Politics

WaPo White House Correspondent Says Biden Wanted Afghan Exit So Badly He Didn’t Listen To The Generals

Screenshot/NBC

Virginia Kruta Associate Editor
Font Size:

Washington Post White House correspondent Anne Gearan said Sunday that President Joe Biden was so caught up in wanting to get out of Afghanistan that he ignored advice from top generals.

Gearan joined a panel discussion on NBC’s “Meet the Press” to discuss the Taliban’s rapid takeover of much of Afghanistan in the wake of the Biden administration’s accelerated exit from the country. (RELATED: ‘How Did President Biden Get This So Wrong?’: Jake Tapper Presses Antony Blinken On Afghanistan Exit)

WATCH:

“Anne, what’s the divide? Clearly a divide between the Pentagon and the president,” host Chuck Todd began.

“Do you expect this to have long-term fallout between the White House and the Pentagon?” Todd asked, adding, “And I think the Pentagon is whispering, ‘We didn’t want to do it.'”

“They didn’t want to do it,” Gearan replied, saying that Biden’s relationship with the top generals had not been the best from the very beginning.

“Biden took office very skeptical of the generals, as he likes to call them, for exactly the point you make,” Gearan continued. “He thinks Obama got jammed — that’s his word — during the surge and he was determined not to be jammed himself.”

Gearan then explained the military argument in favor of leaving a small strategic force in Kabul or Bagram, saying it would have been a preventative measure to keep eyes on the ground in case of any uprisings that might require American intervention.

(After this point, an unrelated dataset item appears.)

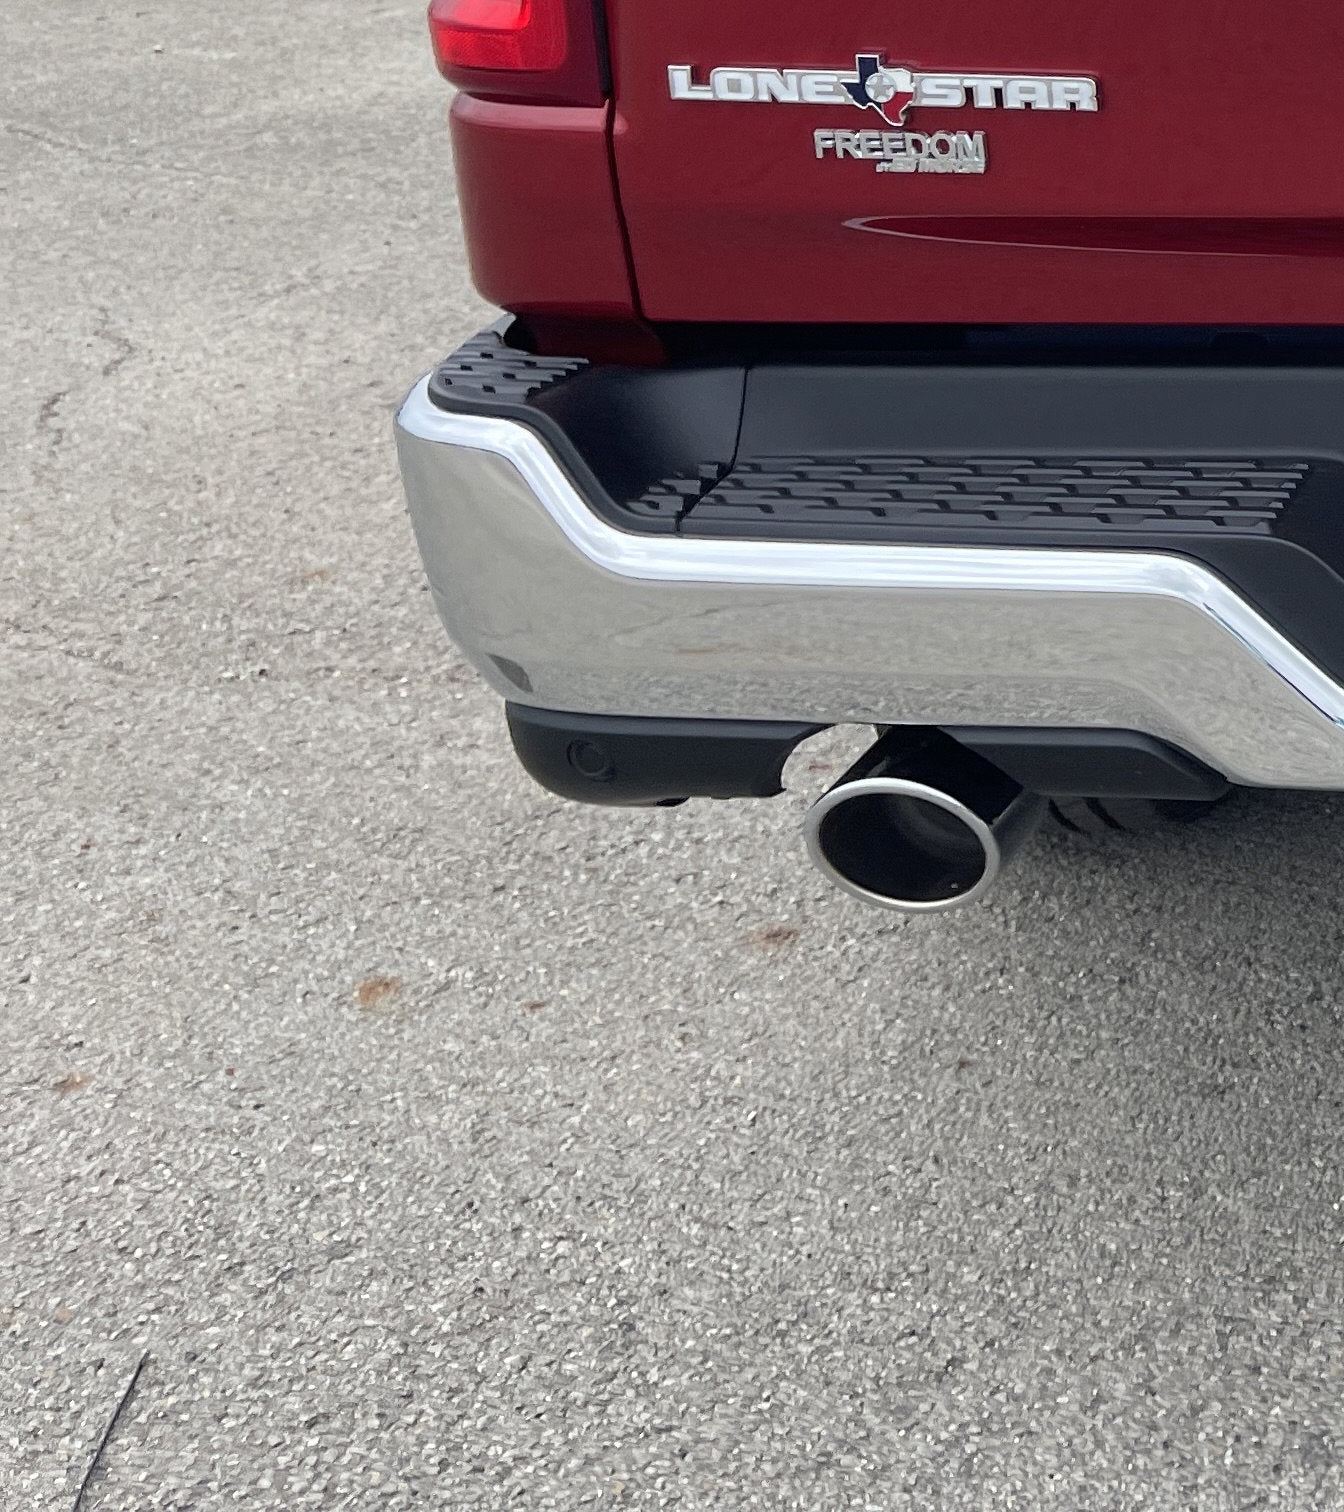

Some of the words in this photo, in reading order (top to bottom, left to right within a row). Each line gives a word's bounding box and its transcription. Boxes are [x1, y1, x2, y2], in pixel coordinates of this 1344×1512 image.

[667, 65, 849, 104] LONE
[917, 74, 1098, 112] STAR
[814, 129, 986, 160] FREEDOM

“I think that then you had the president say, no, when Donald Trump said we’re getting out completely, that means that once we leave anybody there, they become targets; and I also think he saw the possibility and the opportunity to do what no other president had been able to do before and end it,” Gearan said. “That was more important to him than any of the arguments about why a very small force might be cost-effective in the long run.”